A. We establish a new NAV per share on a monthly basis. Our NAV per share is calculated based on the estimated fair value of our assets less liabilities under market conditions existing as of the date of the valuation. As approved by our board of directors, including the valuation committee (which consists solely of independent directors), we have engaged Altus Group U.S. Inc., a third-party valuation firm, to review the reasonableness of third-party appraisals of our real properties and interim valuations prepared by our Advisor as well as to review our monthly NAV calculation. Periodic real property appraisals will serve as the foundation of the valuation and each property will be appraised no less than approximately once every 12 calendar months. See “Description of Capital Stock—Valuation Policy and Procedures” for more information regarding the determination of our NAV per share. We expect that we will publish the NAV per share generally within 15 calendar days following the last calendar day of each month. Promptly following any adjustment to the transaction price per share, we will file a prospectus supplement or post-effective amendment to the registration statement with the Securities and Exchange Commission, or the SEC, disclosing the adjusted transaction price and the effective date of such adjusted transaction prices. We also will post the updated information on our website at https://www.hinesglobalincometrust.com. The new NAV per share generally will be the new transaction price for each share class.
2.The following supersedes and replaces the "Description of Capital Stock–Valuation Policy and Procedures" disclosure beginning on page 137 of the Prospectus.
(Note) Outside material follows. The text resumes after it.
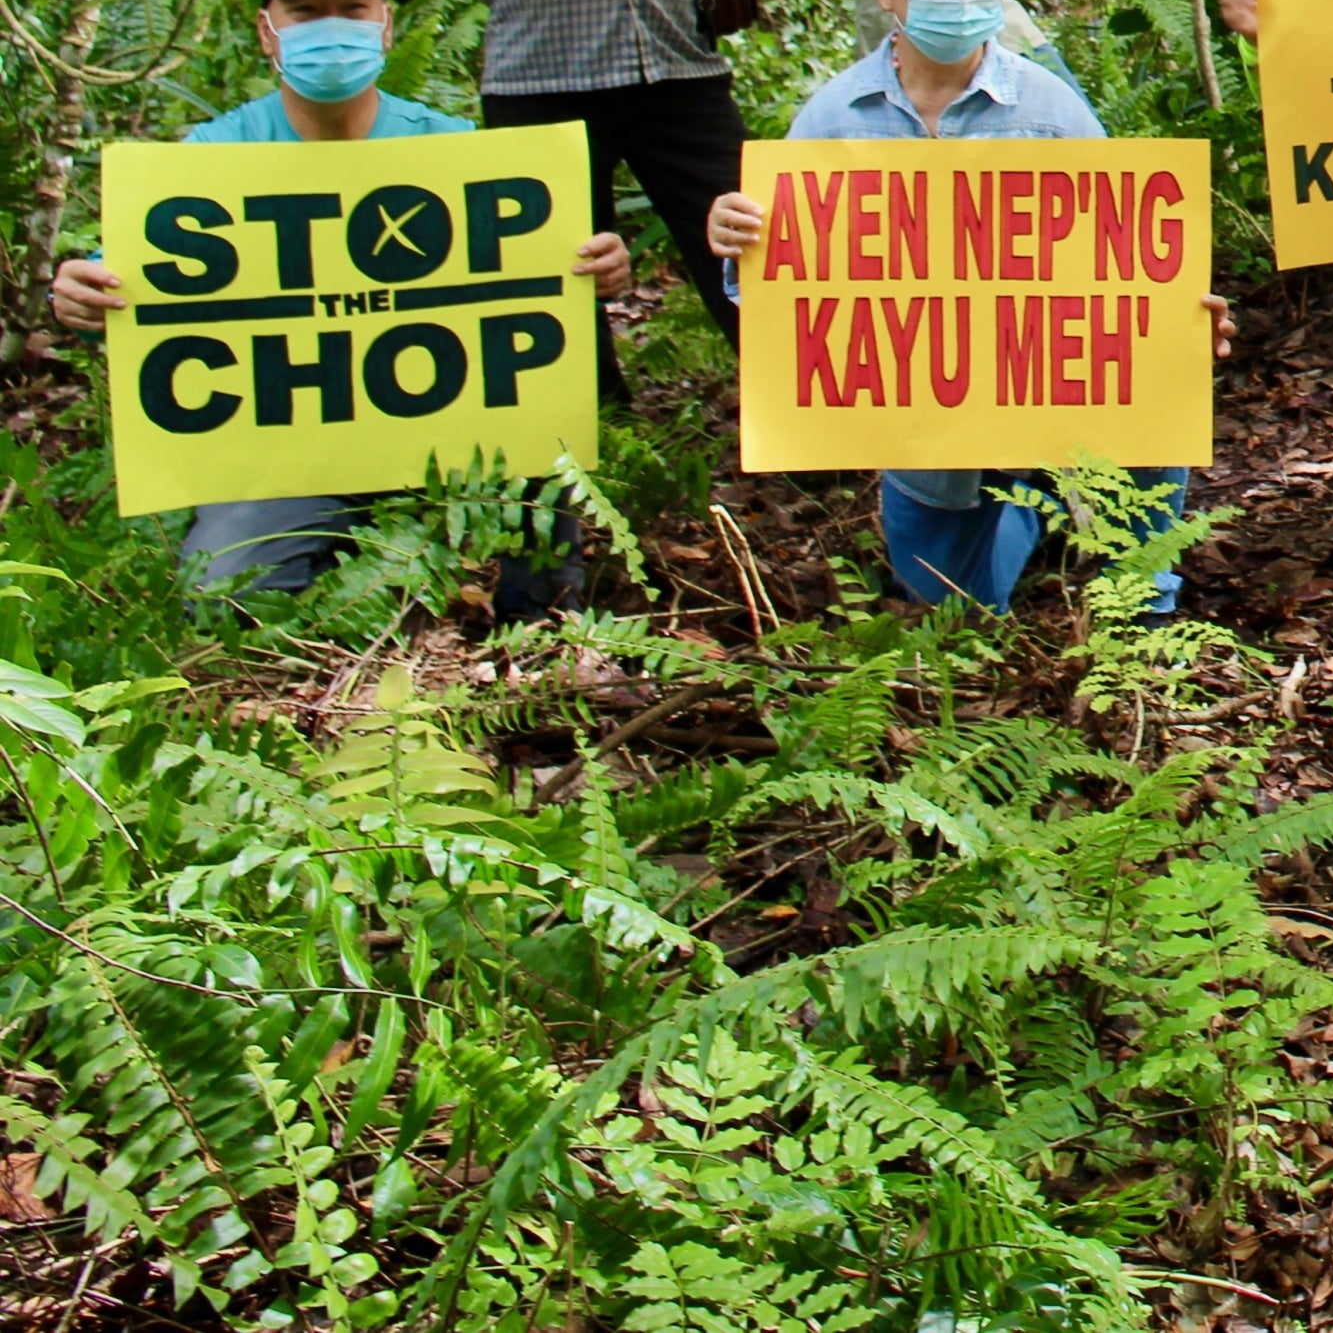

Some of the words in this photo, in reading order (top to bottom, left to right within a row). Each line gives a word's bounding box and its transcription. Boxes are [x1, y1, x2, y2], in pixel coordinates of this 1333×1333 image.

Valuation Policy and Procedures
Overview
Our board of directors has appointed a valuation committee comprised of independent directors, which we refer to herein as the valuation committee, to be responsible for the oversight of the valuation process, subject to the final approval of our board of directors. The valuation committee has adopted a valuation policy, as amended from time to time, that contains a comprehensive set of methodologies to be used in connection with the calculation of our NAV. As a public company, we are required to issue financial statements generally based on historical cost in accordance with GAAP. To calculate our NAV, we have adopted a valuation policy which is described below, which adjusts the value of certain of our assets and liabilities from historical cost to estimated fair value. As a result, our NAV will likely differ from the amount reported as stockholders’ equity on the face of our financial statements prepared in accordance with GAAP. For purposes of determining our NAV per share, the estimated fair value of our assets and liabilities will be determined using widely accepted methodologies and, as appropriate, the GAAP principals within the FASB Accounting Standards Codification under Topic 820, Fair Value Measurements and Disclosures. However, our valuation procedures and our NAV are not subject to GAAP and will not be subject to independent audit. Furthermore, no rule or regulation requires that we calculate NAV in a certain way.
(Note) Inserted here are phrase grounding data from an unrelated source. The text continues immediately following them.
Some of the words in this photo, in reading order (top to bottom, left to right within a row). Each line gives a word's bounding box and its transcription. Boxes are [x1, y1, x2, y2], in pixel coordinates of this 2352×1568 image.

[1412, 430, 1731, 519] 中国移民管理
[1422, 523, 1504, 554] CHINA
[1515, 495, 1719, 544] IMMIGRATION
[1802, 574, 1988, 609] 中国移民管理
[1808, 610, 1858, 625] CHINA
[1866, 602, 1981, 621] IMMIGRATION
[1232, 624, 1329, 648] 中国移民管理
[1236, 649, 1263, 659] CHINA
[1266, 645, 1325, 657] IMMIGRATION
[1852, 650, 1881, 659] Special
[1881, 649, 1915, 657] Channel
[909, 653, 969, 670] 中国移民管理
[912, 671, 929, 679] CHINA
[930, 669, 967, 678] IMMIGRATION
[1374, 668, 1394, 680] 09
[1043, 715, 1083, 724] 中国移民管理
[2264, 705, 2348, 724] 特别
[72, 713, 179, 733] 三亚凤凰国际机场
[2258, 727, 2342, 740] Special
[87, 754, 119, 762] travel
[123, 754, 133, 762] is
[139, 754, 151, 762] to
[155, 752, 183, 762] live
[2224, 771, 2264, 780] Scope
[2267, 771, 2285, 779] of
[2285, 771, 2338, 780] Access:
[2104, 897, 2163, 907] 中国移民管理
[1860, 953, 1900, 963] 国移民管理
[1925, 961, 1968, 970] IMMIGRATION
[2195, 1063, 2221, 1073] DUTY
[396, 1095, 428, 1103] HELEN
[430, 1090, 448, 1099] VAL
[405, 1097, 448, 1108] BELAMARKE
We establish a new NAV per share on a monthly basis. We expect that we will publish the NAV per share generally within 15 calendar days following the last calendar day of each month.
The following is a summary of the valuation policy we expect to follow with respect to each determination of a NAV per share for each class of our common stock.
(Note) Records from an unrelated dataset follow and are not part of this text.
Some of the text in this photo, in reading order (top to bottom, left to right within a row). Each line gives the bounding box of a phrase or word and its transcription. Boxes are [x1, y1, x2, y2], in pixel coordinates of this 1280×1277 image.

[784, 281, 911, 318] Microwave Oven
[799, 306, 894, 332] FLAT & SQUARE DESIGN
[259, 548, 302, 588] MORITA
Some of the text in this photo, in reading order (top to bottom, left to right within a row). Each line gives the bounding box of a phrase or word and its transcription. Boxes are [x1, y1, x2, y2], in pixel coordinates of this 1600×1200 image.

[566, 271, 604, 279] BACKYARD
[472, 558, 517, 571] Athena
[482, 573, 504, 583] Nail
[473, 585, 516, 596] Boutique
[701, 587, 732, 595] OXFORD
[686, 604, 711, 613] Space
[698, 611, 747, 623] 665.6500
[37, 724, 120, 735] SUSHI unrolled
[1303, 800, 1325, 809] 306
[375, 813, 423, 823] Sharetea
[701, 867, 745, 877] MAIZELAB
Independent Valuation Firm
We have engaged Altus Group U.S., Inc., which we refer to as Altus Group, a third-party valuation firm, to review the third-party appraisals of our properties and interim valuations prepared by our Advisor as well as review the reasonableness of those valuations and a review of our monthly NAV calculation, as further described below. Our Advisor, with the approval of our board of directors, including the valuation committee, may engage additional valuation advisors in the future, as deemed necessary.
Altus Group will discharge its responsibilities in accordance with our valuation policy. Our valuation committee will not be involved in the monthly valuation of our assets and liabilities but will periodically receive and review the information about the valuation of our assets and liabilities as it deems necessary to exercise its oversight responsibility. The NAV per share calculation for each class of shares will be reviewed by Altus Group by utilizing the third-party appraised values, the third-party valuations of our certain other assets and liabilities and interim valuations and other information provided by our Advisor regarding balances of cash, tenant and other receivables, accounts payable and accrued expenses, distributions payable and other assets and liabilities.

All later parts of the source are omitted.